The findings are bolstered by 40 years of published experiments with many drugs, including caffeine, nicotine and alcohol, showing that effects are augmented when the drugs are taken in a different environment. The drug-taker, who has become tolerant to the drug, loses this tolerance if the drug-administration environment is altered.
Many of us have firsthand experience of this. Perhaps you routinely have a pre-dinner cocktail at the end of a busy day. You relax at home and have a martini. You enjoy the ritual, and don’t think that the drink makes you particularly intoxicated. You don’t normally drink at other times of the working day. However, one day you’re lunching with colleagues and, uncharacteristically, order a drink. Much to your surprise, you find that you’re intoxicated, even though your lunchtime drink had about the same alcohol content as your typical pre-dinner martini at home.
Tolerance is impacted by the pairing of drugs with other cues because of Pavlovian learning.

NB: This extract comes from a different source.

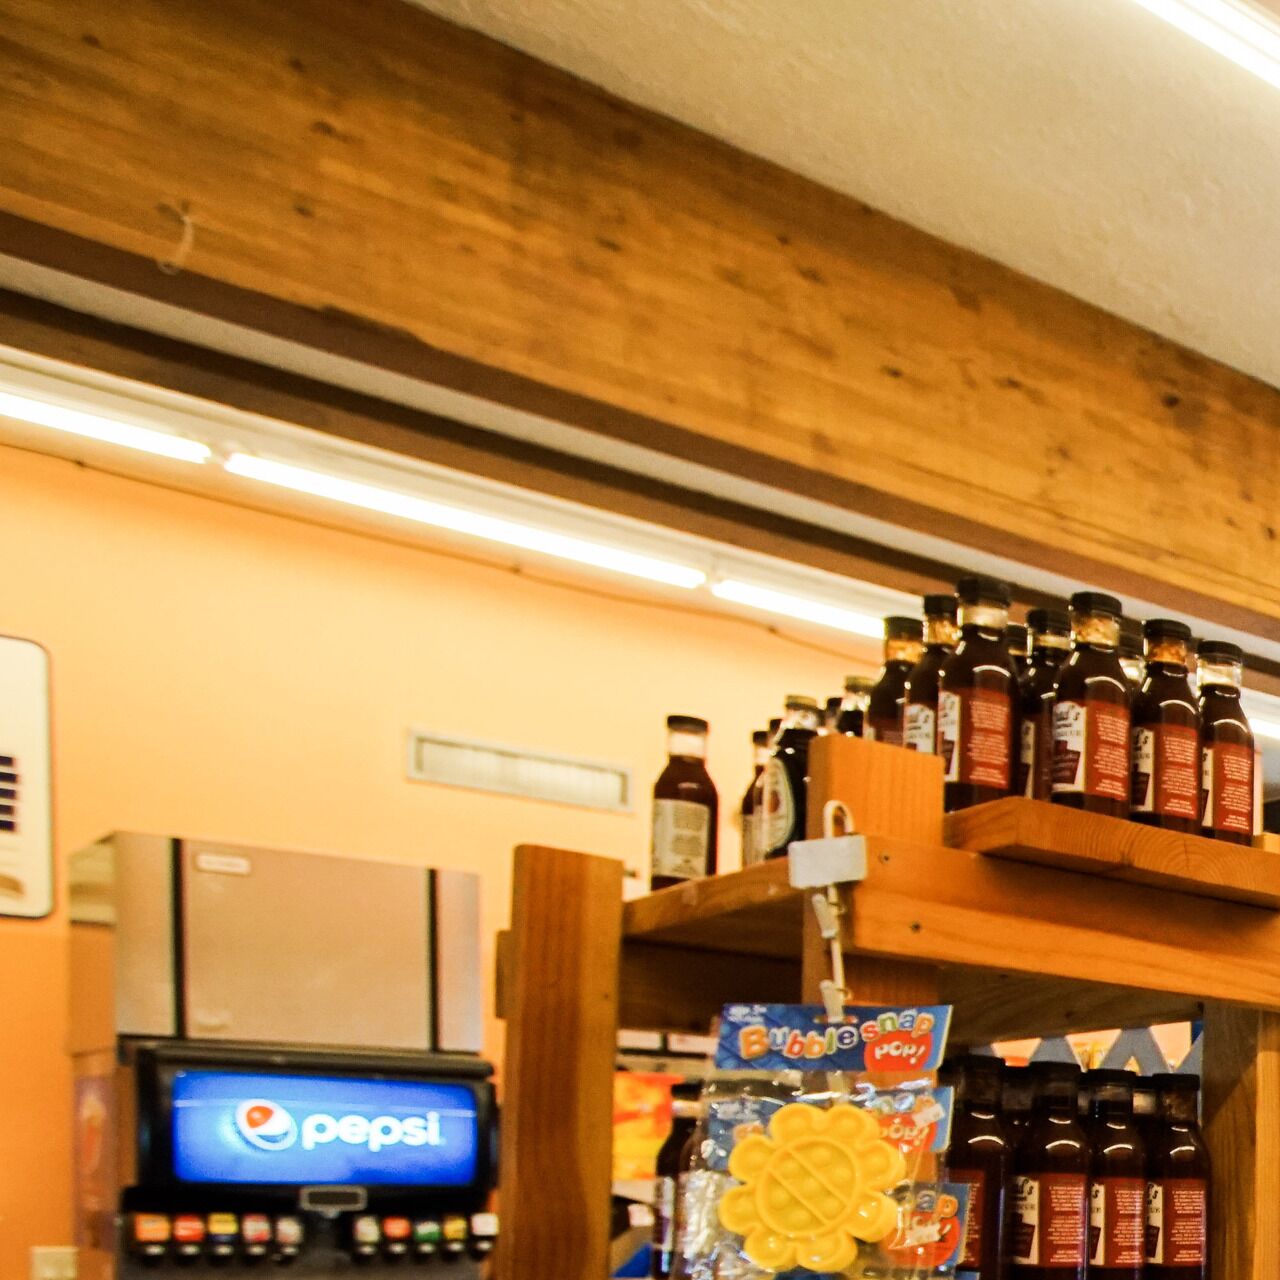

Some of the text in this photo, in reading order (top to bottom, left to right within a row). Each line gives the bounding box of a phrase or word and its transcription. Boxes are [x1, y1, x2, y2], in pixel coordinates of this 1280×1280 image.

[738, 1009, 935, 1059] Bubble snap
[302, 1111, 441, 1152] pepsi

Just as the Russian physiologist Ivan Pavlov in the 1890s demonstrated that a dog learns to respond to an arbitrary signal, for instance a buzzer associated with food, with responses such as salivation, animals (including humans) learn to respond to arbitrary signals for a drug by making drug-preparatory responses. These serve to decrease the drug effect, and are an important mechanism of drug tolerance. In short, heroin addicts who can usually tolerate extraordinarily high doses are at risk of overdose if they administer the drug in an environment not previously associated with the drug effect. They simply are not tolerant on the occasion of the overdose.

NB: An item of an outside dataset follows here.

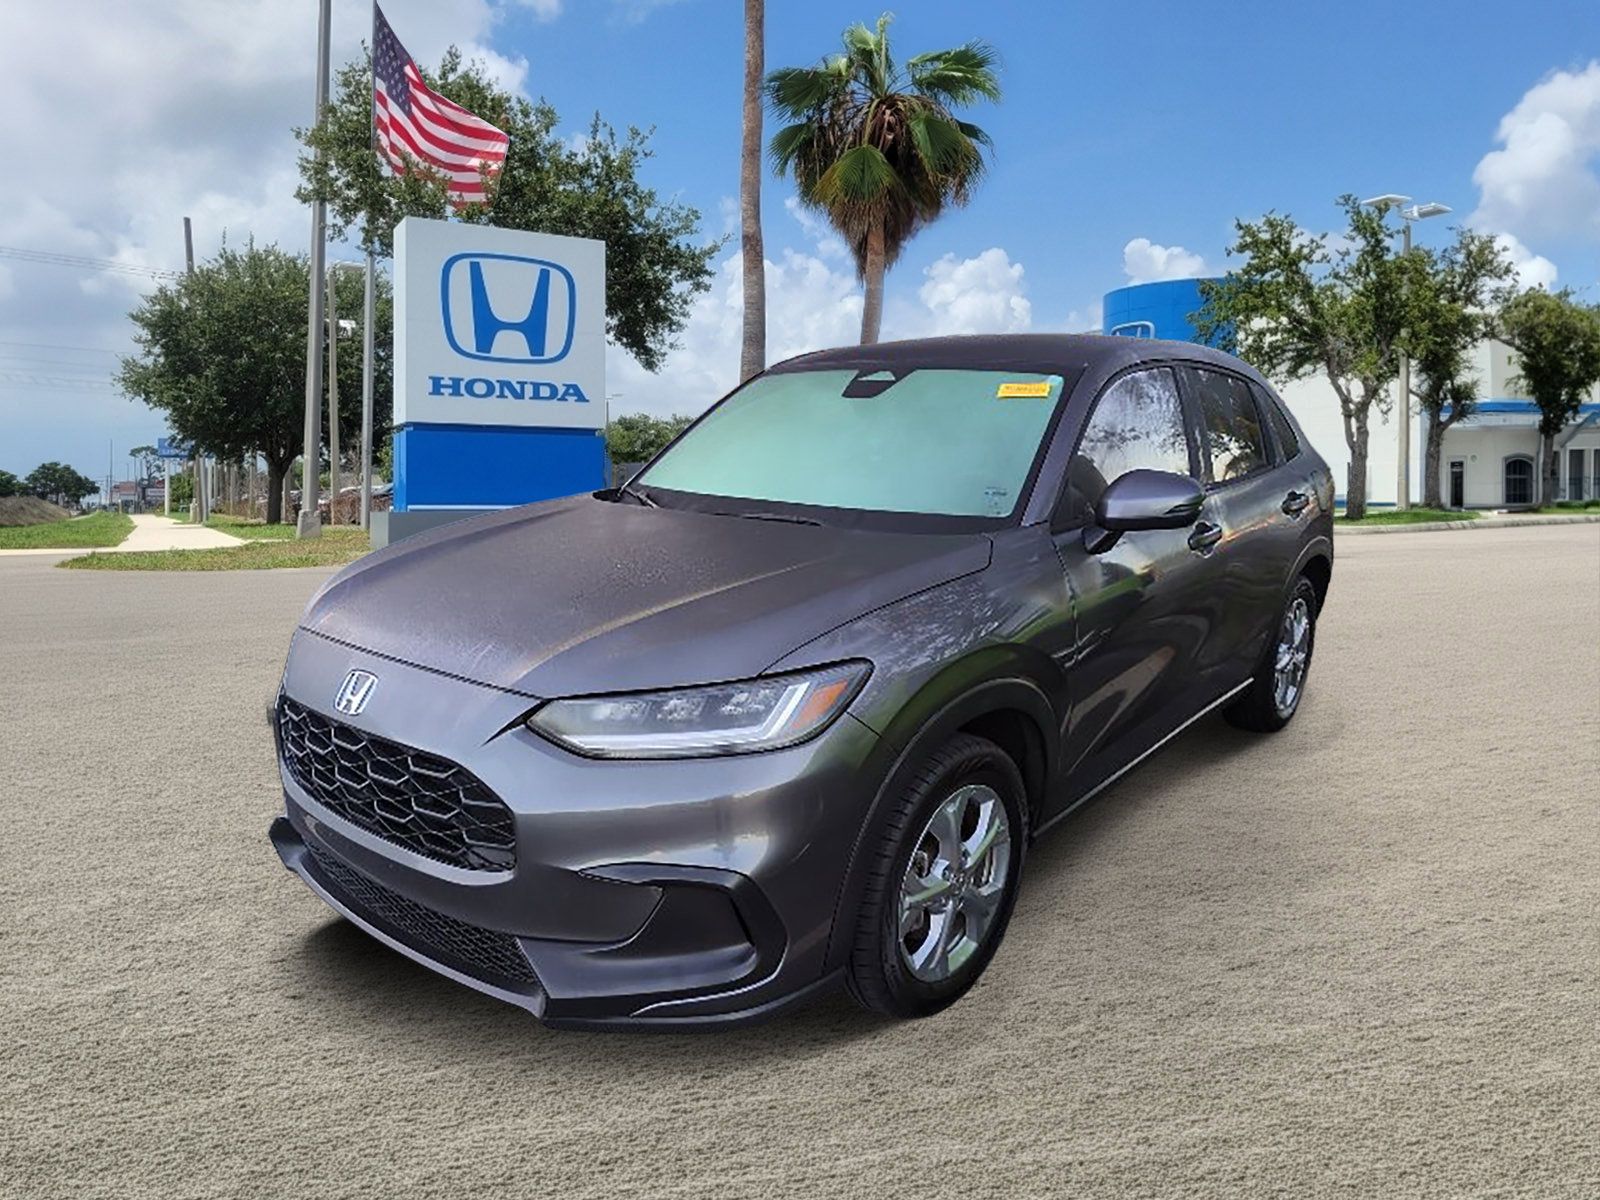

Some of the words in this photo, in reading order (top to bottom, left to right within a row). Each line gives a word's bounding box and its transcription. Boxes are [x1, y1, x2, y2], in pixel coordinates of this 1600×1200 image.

[468, 259, 552, 358] H
[428, 375, 590, 403] HONDA
[336, 669, 377, 714] H

Each year, 1 to 3 per cent of heroin addicts die from overdose. There were nearly 13,000 heroin overdose deaths in the United States in 2015. There are several reasons why heroin addicts overdose. Some might simply take too much of the drug, especially when the heroin is enriched with even more potent opioids. Others might die because the effect of a usually sub-lethal dose of opiate is enhanced by other, concomitantly administered, depressive drugs, such as alcohol. These traditional risk factors have been extensively publicised. Less widely acknowledged is the risk that addicts face if they administer the drug in contexts that have not, in the past, reliably signalled the drug. When this occurs, victims die because they don’t have a Pavlovian response, and their bodies fail to decrease the pharmacological insult of the drug. If we told addicts about the risk of using heroin in an unusual setting, lives would be saved.